The Regenesis Perspective

In my book, The Regenesis Journey (2023), I also explored this idea of a particularly Australian Way to grapple with the intersecting issues now challenging us: climate change and extreme weather events, environmental degradation, growing wealth inequality eating at the social fabric, and unresolved issues in the relationship between modern Australia and its Indigenous cultural foundations.

I noted that there is a growing realisation that some of the core Western assumptions about our place in the universe are up for grabs. We are beginning to recognise that we stand at a pivotal moment in Australia’s history. This means we need to find how to bring together the fundamental and important knowledge systems of our British inheritance and that of our Aboriginal and Torres Strait Islander heritage to shape a new story on behalf of our future generations that responds to the challenges ahead of us.

I put forward the idea of basing this new story on three pillars:

  • Caring for Country—combining modern ideas about good environmental management with Indigenous ideas based on the relationist ethos of our human kinship relationship with the rest of the natural world through shared spiritual sentience
  • Multiculturalism—celebrating difference in all its aspects: ethnicity, spiritual/religious ideas, gender identity, and creative cultural expression, within the all-embracing Australian value of an inclusive ‘fair go’ for all
  • A Circular Wellbeing Economy—redesigning the industrial and agricultural production system on the principles of zero-waste circularity, able to deliver equitable wellbeing to all sections of society.

The Prime Minister’s vision did not identity these three pillars, but all can be found within his ideas of what constitutes the Australian Way.

—Caring for Country underpins the challenge of reconciling the ‘Nature Positive’ agenda of environmental management with ‘Closing the Gap’ strategies to address continuing social justice and disadvantage issues impacting First Nations peoples.

—Multiculturalism is endorsed as an Australian success story in managing immigration and ethnic diversity.

—The government’s agenda for improved economic resilience, with its ‘Future Made in Australia’ campaign, includes support for the work of Circular Australia in redesigning the production cycle to remove waste in the supply chain, while its increased investment in the care economy targets wellbeing rather than merely GDP as the marker of meeting the expectations of the electorate.

A Microcosm of Representative Democracy for the 21st Century

Against the all-pervasive backdrop of climate change and environmental degradation of large areas of the Earth, including oceans, Prime Minister Albanese puts forward a vision of Australia as a “microcosm for the world where all are respected and valued.”

He has located his idea of this uniquely Australian Way within the great project of representative democracy.
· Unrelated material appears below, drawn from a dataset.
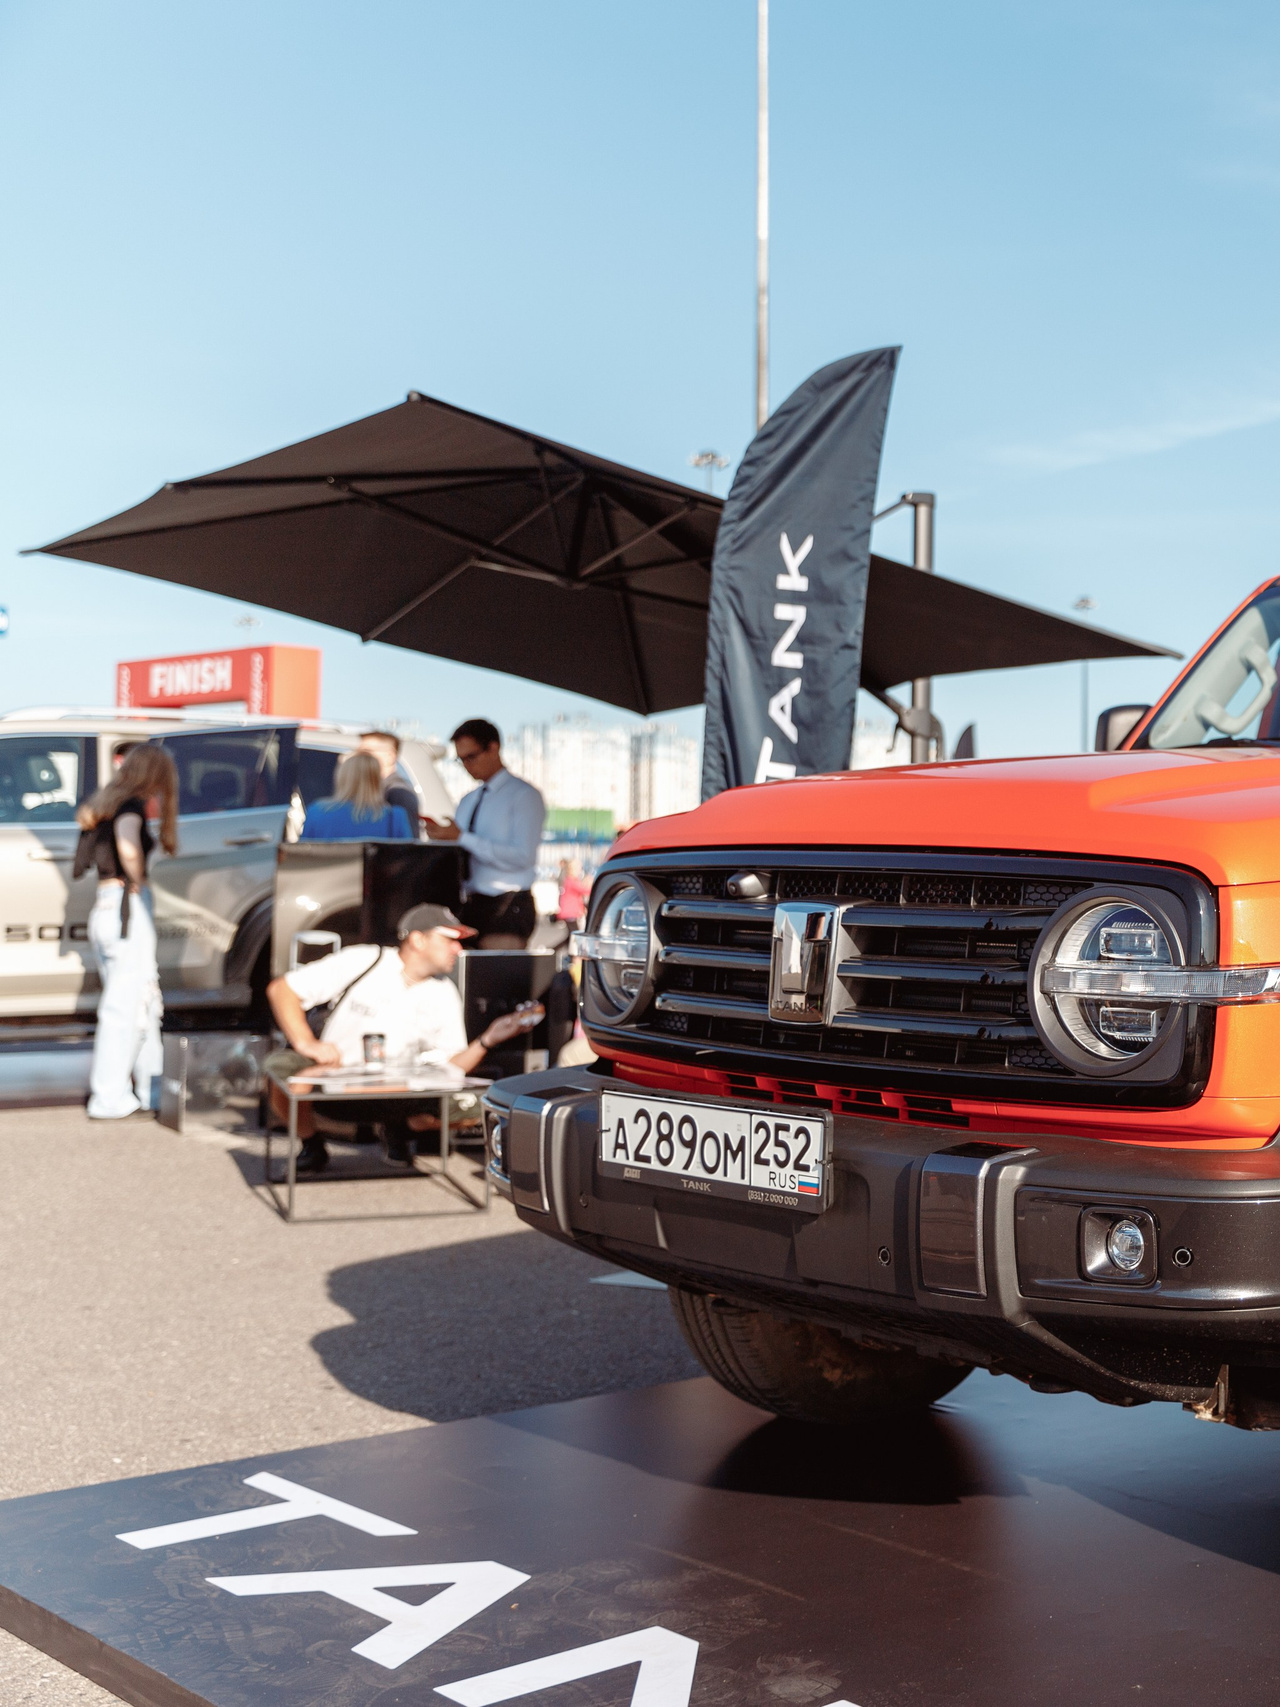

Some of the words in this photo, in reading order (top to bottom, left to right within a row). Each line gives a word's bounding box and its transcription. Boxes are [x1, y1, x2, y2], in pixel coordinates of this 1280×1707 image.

Its roots in magna carta (1215) as the foundational document of British constitutional monarchy and rule of law, within the wider framework of constitutional representative democracy.

Our compulsory and preferential voting systems is part of what sets us apart within the world of representative democracies, who all share the clarion call of ‘liberty, equality and fraternity’ echoing from the French Revolution (1789-1799) and the American War of Independence (1754-1763), expressed as the ‘will of the people’ as the test of political legitimacy.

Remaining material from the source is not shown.